Maybe I'm not thinking straight but I don't see that answering the
question because it depends on what appears to be an arbitrary claim
that gain cannot exceed mu. I mean, it begs the question by declaring
a limit, which is the essence of the question.

Are you presuming that the PFB is designed to produce a unity voltage
feedback (relative to the anode signal swing) so that Rl 'appears'
infinite?

If that's the case then it's trivial to show from the gain equation
that gain approaches, and does not exceed, mu but it's not intuitively
obvious from the schematic that's the amount of feedback being
applied.

If the amount of voltage feedback exceeds plate swing then gain can,
indeed, be above mu.

To illustrate I spiced a simple circuit with a 250V source having
100Vrms on it (simulating an arbitrary transformer feedback signal)
applied to a 6SN7 plate through a 27k and cathode to ground through an
unbypassed 470 ohm.
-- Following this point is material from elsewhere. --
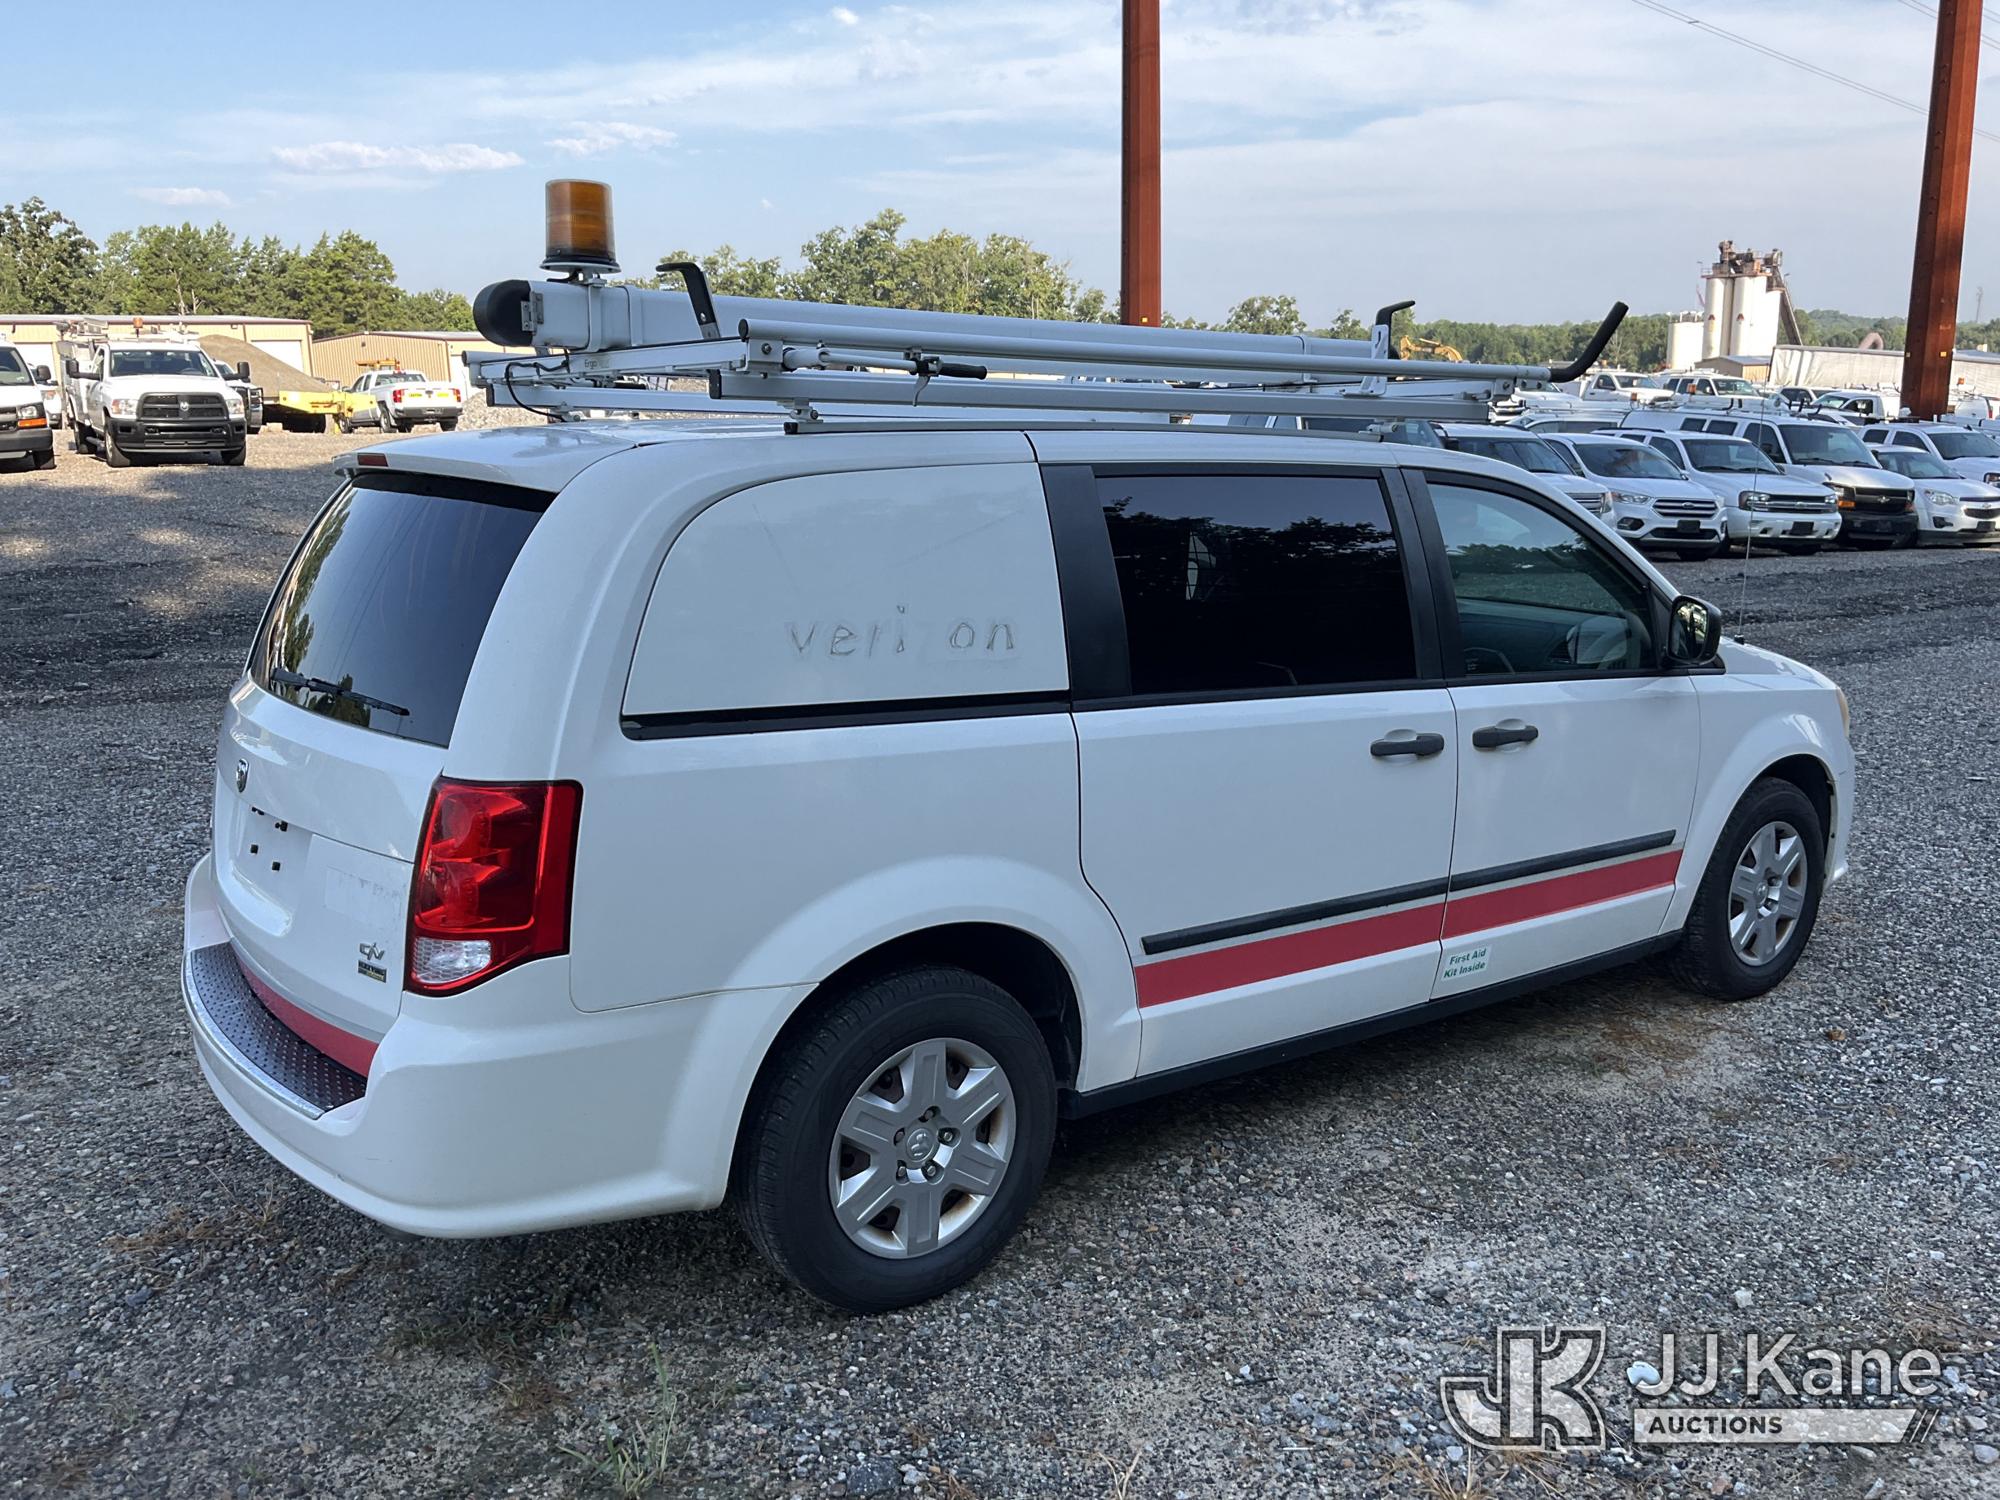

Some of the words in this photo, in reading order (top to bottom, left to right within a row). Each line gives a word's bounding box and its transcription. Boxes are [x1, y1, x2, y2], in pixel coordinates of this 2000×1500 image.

Opposite phase 1Vrms (for visual 'instant math'
convenience) was then applied to the grid.

Plate swing was 52Vrms for a gain of 52.
------------------------------------------------------------------

Hi Flipper- Sounds intriging & I am curious as usual. Could you post a JPG of your simulation so I can try it here?

Far as I know the only way to get gain more tham mu is thru a transformer as the ancients did it before pentodes (or tetrodes) or some kind of PFB applied to the grid or cathode.

And the kind you don't want by way of parasitics.

I did some quick tests on the first of the Twin Coupled Amps I had built a few years back. The final in this thing runs 6LU8s in PP, the triode sections cathode coupled to the OP grids. At clipping it is good for 37 watts. IMD is down more than 50 db at one db below max OP.

It was nice that the caps didn't blow since it has not been run in a few years. Tests are done using a HV Diff Probe into a PICO Scope ADC216. Does scope, SA & RMS volts with 16 bit resolution.

With the 6SN7 27K plate resistors returned to the 400 volt regulated supply rather than thru the PFB circuit the gain was 11.4.

Then reconnected to the PFB circuit the SN7 gain was 16.

If you do the math, turns out to be 3 db, somewhat higher than I recall. I may have done that kind of test on one of the other bootstrapped amps I mentioned in a previous post. Oddly I found I had used a tail resistor of 33K to the -150 volt supply on this 6SN7. Usually I've put in more like 18K. That would account for some of the differance since the SN7 is working at a higher plate resistance here.